DATA FOR ANALYSIS –
□ □ □ □
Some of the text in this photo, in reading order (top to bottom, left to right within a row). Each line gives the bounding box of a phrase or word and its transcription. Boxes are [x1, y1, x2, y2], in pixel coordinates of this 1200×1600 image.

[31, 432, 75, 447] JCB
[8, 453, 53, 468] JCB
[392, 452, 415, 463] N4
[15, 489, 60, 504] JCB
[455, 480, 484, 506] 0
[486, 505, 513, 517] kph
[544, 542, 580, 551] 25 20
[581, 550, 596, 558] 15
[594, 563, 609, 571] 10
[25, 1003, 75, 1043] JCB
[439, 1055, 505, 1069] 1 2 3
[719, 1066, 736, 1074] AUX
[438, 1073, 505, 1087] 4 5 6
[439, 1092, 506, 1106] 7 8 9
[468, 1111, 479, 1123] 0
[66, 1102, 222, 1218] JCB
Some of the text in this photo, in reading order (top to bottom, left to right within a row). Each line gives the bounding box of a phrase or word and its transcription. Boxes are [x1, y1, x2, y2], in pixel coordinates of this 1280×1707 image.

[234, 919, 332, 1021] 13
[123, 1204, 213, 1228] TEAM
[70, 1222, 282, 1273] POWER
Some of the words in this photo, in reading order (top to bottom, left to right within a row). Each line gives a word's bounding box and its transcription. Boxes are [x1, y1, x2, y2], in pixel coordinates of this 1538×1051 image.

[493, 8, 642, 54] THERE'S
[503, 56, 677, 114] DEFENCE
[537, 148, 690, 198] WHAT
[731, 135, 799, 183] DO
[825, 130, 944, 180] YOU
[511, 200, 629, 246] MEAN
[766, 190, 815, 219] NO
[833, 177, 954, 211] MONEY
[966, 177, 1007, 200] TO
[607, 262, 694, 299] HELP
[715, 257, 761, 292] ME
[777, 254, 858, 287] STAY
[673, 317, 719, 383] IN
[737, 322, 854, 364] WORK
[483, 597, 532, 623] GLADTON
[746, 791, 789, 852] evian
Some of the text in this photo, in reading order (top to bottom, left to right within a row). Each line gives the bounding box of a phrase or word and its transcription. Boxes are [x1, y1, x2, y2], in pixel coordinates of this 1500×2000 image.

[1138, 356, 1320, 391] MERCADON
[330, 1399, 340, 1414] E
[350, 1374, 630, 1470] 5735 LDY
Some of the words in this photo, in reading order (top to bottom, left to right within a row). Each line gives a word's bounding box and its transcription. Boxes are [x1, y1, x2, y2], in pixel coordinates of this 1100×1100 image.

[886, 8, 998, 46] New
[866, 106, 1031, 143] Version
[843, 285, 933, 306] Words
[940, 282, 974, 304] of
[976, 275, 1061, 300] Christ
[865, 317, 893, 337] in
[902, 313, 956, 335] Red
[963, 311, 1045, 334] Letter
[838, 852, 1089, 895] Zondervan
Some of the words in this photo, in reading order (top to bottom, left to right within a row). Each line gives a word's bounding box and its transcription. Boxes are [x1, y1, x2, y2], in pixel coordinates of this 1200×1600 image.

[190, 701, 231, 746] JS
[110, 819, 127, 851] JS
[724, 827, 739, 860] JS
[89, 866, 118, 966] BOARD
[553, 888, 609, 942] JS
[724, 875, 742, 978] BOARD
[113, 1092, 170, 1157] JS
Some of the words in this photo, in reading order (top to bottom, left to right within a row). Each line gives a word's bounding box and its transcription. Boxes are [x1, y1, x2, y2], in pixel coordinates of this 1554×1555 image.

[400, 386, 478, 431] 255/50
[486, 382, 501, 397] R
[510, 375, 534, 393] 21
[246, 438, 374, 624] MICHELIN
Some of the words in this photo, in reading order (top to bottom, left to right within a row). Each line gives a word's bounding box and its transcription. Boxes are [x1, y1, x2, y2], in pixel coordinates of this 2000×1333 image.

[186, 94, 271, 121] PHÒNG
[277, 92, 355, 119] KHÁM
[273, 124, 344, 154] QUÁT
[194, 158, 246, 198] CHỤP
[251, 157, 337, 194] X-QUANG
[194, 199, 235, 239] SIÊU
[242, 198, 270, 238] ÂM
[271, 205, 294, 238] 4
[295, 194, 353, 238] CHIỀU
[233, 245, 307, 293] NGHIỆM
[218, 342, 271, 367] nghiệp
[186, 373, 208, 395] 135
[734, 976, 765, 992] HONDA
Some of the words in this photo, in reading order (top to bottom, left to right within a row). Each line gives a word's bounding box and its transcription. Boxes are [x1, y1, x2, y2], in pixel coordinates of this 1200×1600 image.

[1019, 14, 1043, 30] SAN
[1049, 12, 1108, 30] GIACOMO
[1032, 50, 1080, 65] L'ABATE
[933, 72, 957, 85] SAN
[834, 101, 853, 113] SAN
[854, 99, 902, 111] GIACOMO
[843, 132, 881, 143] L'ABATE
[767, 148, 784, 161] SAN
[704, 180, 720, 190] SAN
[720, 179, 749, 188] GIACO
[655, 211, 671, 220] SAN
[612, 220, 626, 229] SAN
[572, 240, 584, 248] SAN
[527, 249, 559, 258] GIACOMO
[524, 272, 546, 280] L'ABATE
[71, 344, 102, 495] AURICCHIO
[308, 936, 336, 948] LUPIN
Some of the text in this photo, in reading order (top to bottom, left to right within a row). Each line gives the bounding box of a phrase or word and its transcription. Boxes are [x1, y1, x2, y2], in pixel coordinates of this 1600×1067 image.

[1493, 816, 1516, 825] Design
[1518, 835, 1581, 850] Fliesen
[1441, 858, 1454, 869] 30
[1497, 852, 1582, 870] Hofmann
□ □ □ □
EXERCISE DIRECTIONS – Reply with the lines from the one that contains "this 2000×1333 image." through the last line of the material above, copied exactly and nothing else.

RESULT OF THIS TASK –
Some of the words in this photo, in reading order (top to bottom, left to right within a row). Each line gives a word's bounding box and its transcription. Boxes are [x1, y1, x2, y2], in pixel coordinates of this 2000×1333 image.

[186, 94, 271, 121] PHÒNG
[277, 92, 355, 119] KHÁM
[273, 124, 344, 154] QUÁT
[194, 158, 246, 198] CHỤP
[251, 157, 337, 194] X-QUANG
[194, 199, 235, 239] SIÊU
[242, 198, 270, 238] ÂM
[271, 205, 294, 238] 4
[295, 194, 353, 238] CHIỀU
[233, 245, 307, 293] NGHIỆM
[218, 342, 271, 367] nghiệp
[186, 373, 208, 395] 135
[734, 976, 765, 992] HONDA
Some of the words in this photo, in reading order (top to bottom, left to right within a row). Each line gives a word's bounding box and its transcription. Boxes are [x1, y1, x2, y2], in pixel coordinates of this 1200×1600 image.

[1019, 14, 1043, 30] SAN
[1049, 12, 1108, 30] GIACOMO
[1032, 50, 1080, 65] L'ABATE
[933, 72, 957, 85] SAN
[834, 101, 853, 113] SAN
[854, 99, 902, 111] GIACOMO
[843, 132, 881, 143] L'ABATE
[767, 148, 784, 161] SAN
[704, 180, 720, 190] SAN
[720, 179, 749, 188] GIACO
[655, 211, 671, 220] SAN
[612, 220, 626, 229] SAN
[572, 240, 584, 248] SAN
[527, 249, 559, 258] GIACOMO
[524, 272, 546, 280] L'ABATE
[71, 344, 102, 495] AURICCHIO
[308, 936, 336, 948] LUPIN
Some of the text in this photo, in reading order (top to bottom, left to right within a row). Each line gives the bounding box of a phrase or word and its transcription. Boxes are [x1, y1, x2, y2], in pixel coordinates of this 1600×1067 image.

[1493, 816, 1516, 825] Design
[1518, 835, 1581, 850] Fliesen
[1441, 858, 1454, 869] 30
[1497, 852, 1582, 870] Hofmann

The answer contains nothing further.